Chaque année, je m’installe pour quelques temps dans des lieux dits de résidence, résidence artistique, résidence de création et/ou de recherche, en tous cas d’expérimentation pour moi.
A l’origine, la résidence est notre lieu d’habitation, là où l’on réside. Pourtant, pour les artistes nomades, itinérants, qui s’installent temporairement, le temps de de faire naitre ou de maturer une œuvre, de la mettre en scène, en espace, ou bien de travailler aux processus qui le permettront, aux outils, aux expérimentations de terrain, ce n’est pas la cas.
La résidence est une étape, quelle que soit l’état, l’avancée du travail en cours.
Elle va offrir le cadre, l’accueil, parfois les outils et l’accompagnement, voire des moyen de production.
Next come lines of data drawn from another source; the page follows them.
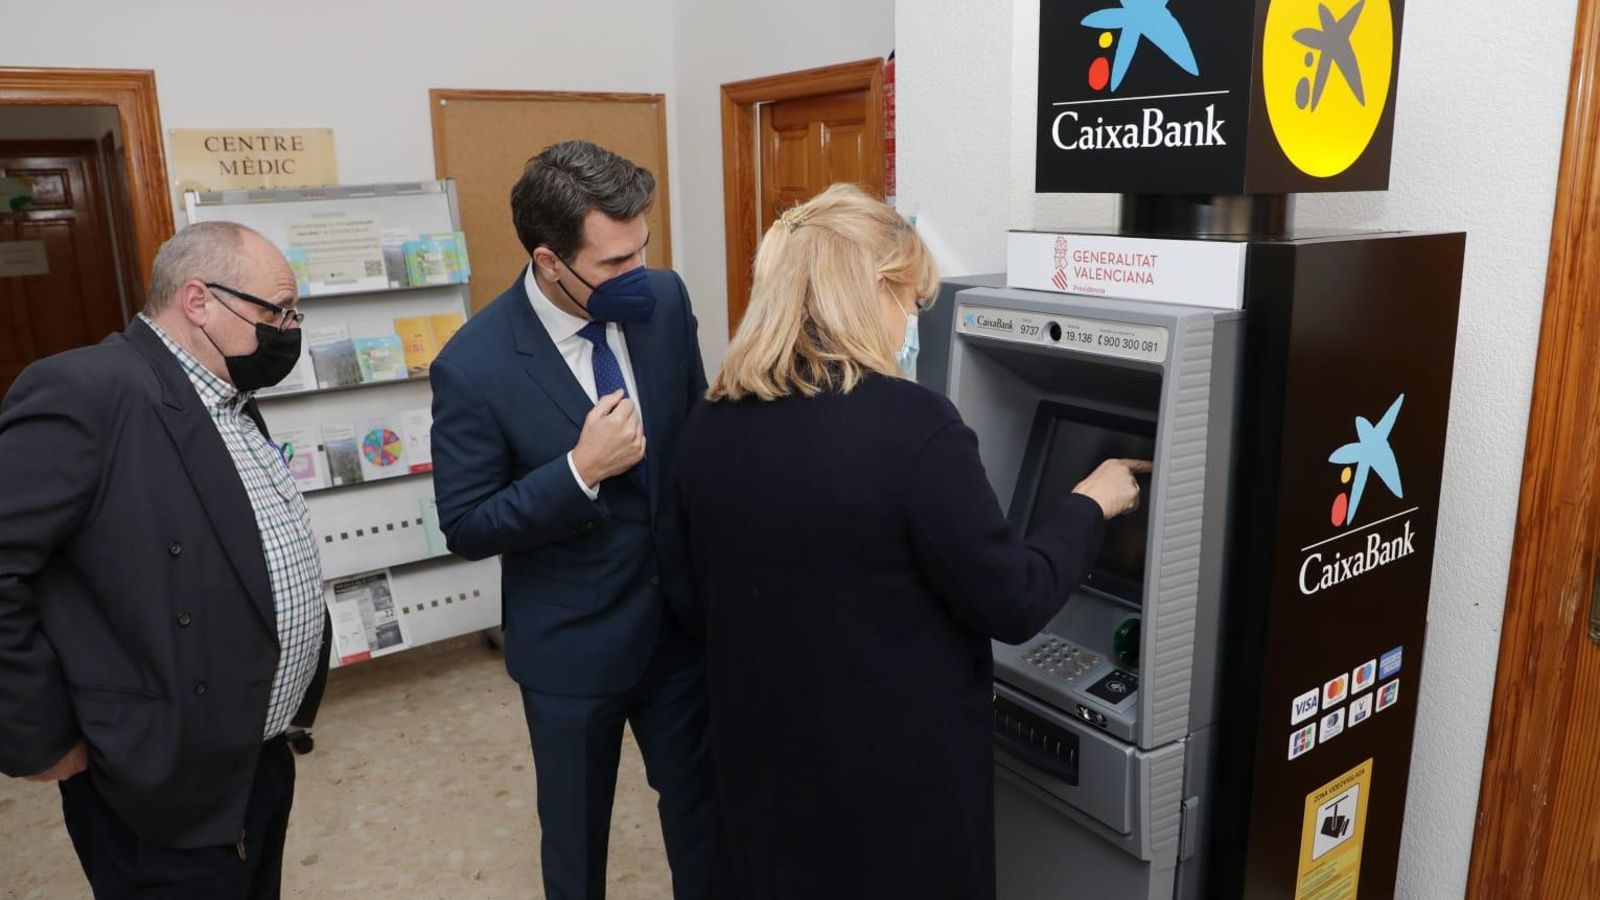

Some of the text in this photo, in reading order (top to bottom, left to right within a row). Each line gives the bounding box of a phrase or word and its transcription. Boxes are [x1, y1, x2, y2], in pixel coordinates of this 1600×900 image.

[1051, 103, 1227, 150] CaixaBank
[204, 135, 305, 152] CENTRE
[1073, 249, 1158, 267] GENERALITAT
[1073, 265, 1154, 285] VALENCIANA
[976, 314, 1014, 331] CaixaBank
[1020, 324, 1040, 336] 9737
[1103, 335, 1159, 353] 900 300 081
[1299, 519, 1416, 595] CaixaBank
[1295, 695, 1318, 717] VISA
Si je prends le cas d’une résidence audio-paysagère comme j’aime à les nommer, il s’agira de s’installer pour dessiner avec les sons un paysage sonore singulier, non pas ex-nihilo, mais puisant dans l’environnement du lieu qui m’accueille, de ses environs.
La résidence est une immersion qui permet de se consacrer, un temps, pleinement à un projet, à faire une focale sur un travail en chantier, à venir chercher de de la ressource parfois dépaysante, inspirante.
L’immersion est une étape importante. S’immerger dans l’action, dans les lieux environnants, dans les ambiances, les rencontres, des situations nouvelles… un ressourcement vivifiant qui peut faire rebondir une action stagnante parfois faute d’inspiration neuve.
S’immerger pour expérimenter, pour tester, pour contextualiser et frotter son écoute en un lieu et temps donnés, même de façon éphémère.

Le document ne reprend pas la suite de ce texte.